Of the nearly 600 people who attended last year’s NORD summit, 32 percent represented advocacy or patient groups. The conference also attracted consultants (23% of the total), pharmaceutical executives (23%), government officials (13%), journalists (5%), scientists and researchers (3%), and investors (1%).
While no specific talk during the event addresses SMA, many touch on issues that directly affect the families of those with the disease — the top genetic cause of death among infants in the United States. SMA strikes about one in 11,000 babies, and roughly 1 in every 50 Americans is a genetic carrier, according to the Chicago-based nonprofit organization CureSMA.
Yet drugs to treat SMA — an actual cure does not yet exist — are among the most expensive in the world.

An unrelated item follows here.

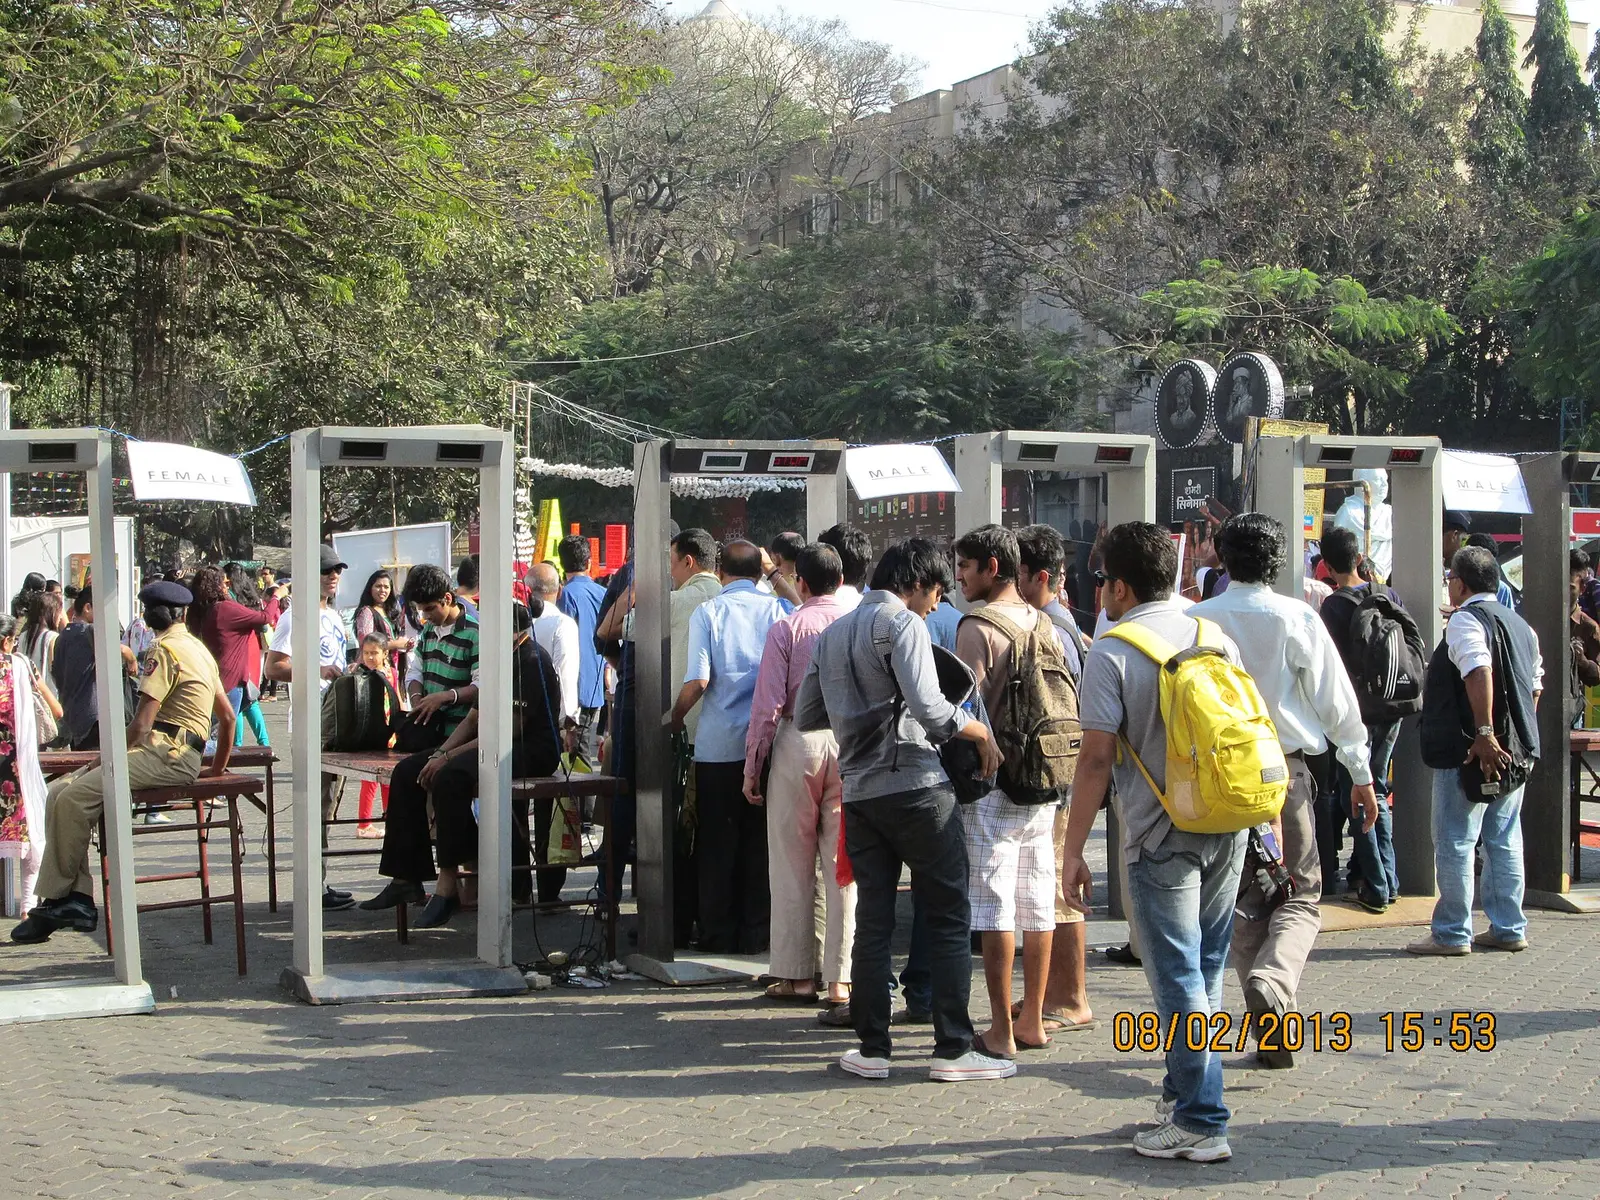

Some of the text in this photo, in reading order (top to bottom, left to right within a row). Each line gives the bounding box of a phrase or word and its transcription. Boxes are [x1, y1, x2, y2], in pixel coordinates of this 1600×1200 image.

[148, 470, 232, 485] FEMALE
[868, 465, 930, 479] MALE
[1456, 479, 1508, 492] MALE

Spinraza (nusinersen) won FDA approval in December 2016 as the first disease-modifying treatment for all forms of SMA. Manufactured by Biogen, it has shown highly promising results in clinical trials in young children, but carries a high price tag. Treatment costs an average $750,000 for the first year and $375,000 for every year after that.
A panel, “The Challenge of Healthcare Costs & Treatment Prices,” will address this issue. Moderated by Steve Usdin, Washington editor of BioCentury, its panelists include Anne McDonald Pritchett, senior vice-president of policy and research at the Pharmaceutical Research & Manufacturers Association of America; Bill Martin, vice-president of pharma strategy and account management at Express Scripts; and James Geraghty, entrepreneur-in-residence at Third Rock Ventures.
Another highlight of the NORD summit, Dunkle said, is a talk by Dr. David Lebwohl, a senior vice president at Novartis, on the promise of gene therapy. His speech comes just over a month after the FDA’s historic approval of Kymriah (tisagenlecleucel) to treat certain pediatric and young adult patients with a form of acute lymphoblastic leukemia — making it the first gene therapy available in the country.
Another controversial subject on the NORD agenda will be the debate over so-called “right-to-try” issues. It’ll be the focus of a panel moderated by Kate Rawson, contributing editor at Provision Policy.
“Some states are introducing right-to-try legislation, which has to do with giving patients access to therapies that are not yet approved,” Dunkle said. “NORD generally does not support such legislation, because we feel it kind of cuts the FDA out of the process, and the FDA does have a program we feel works pretty well in giving people access to investigational therapies.”
Dunkle, who’s been with NORD since 1999, said this year’s speakers include Dr. Scott Gottlieb, commissioner of the U.S. Food and Drug Administration (FDA), and Dr. Janet Woodcock, director of the agency’s Center for Drug Evaluation and Research.
Several speakers will also be coming from the National Institutes of Health (NIH), led by Dr. Petra Kauffmann, director of clinical innovation at the NIH’s National Center for Advancing Translational Studies, and Dr. Carrie Wolinetz, the agency’s associate director for science policy.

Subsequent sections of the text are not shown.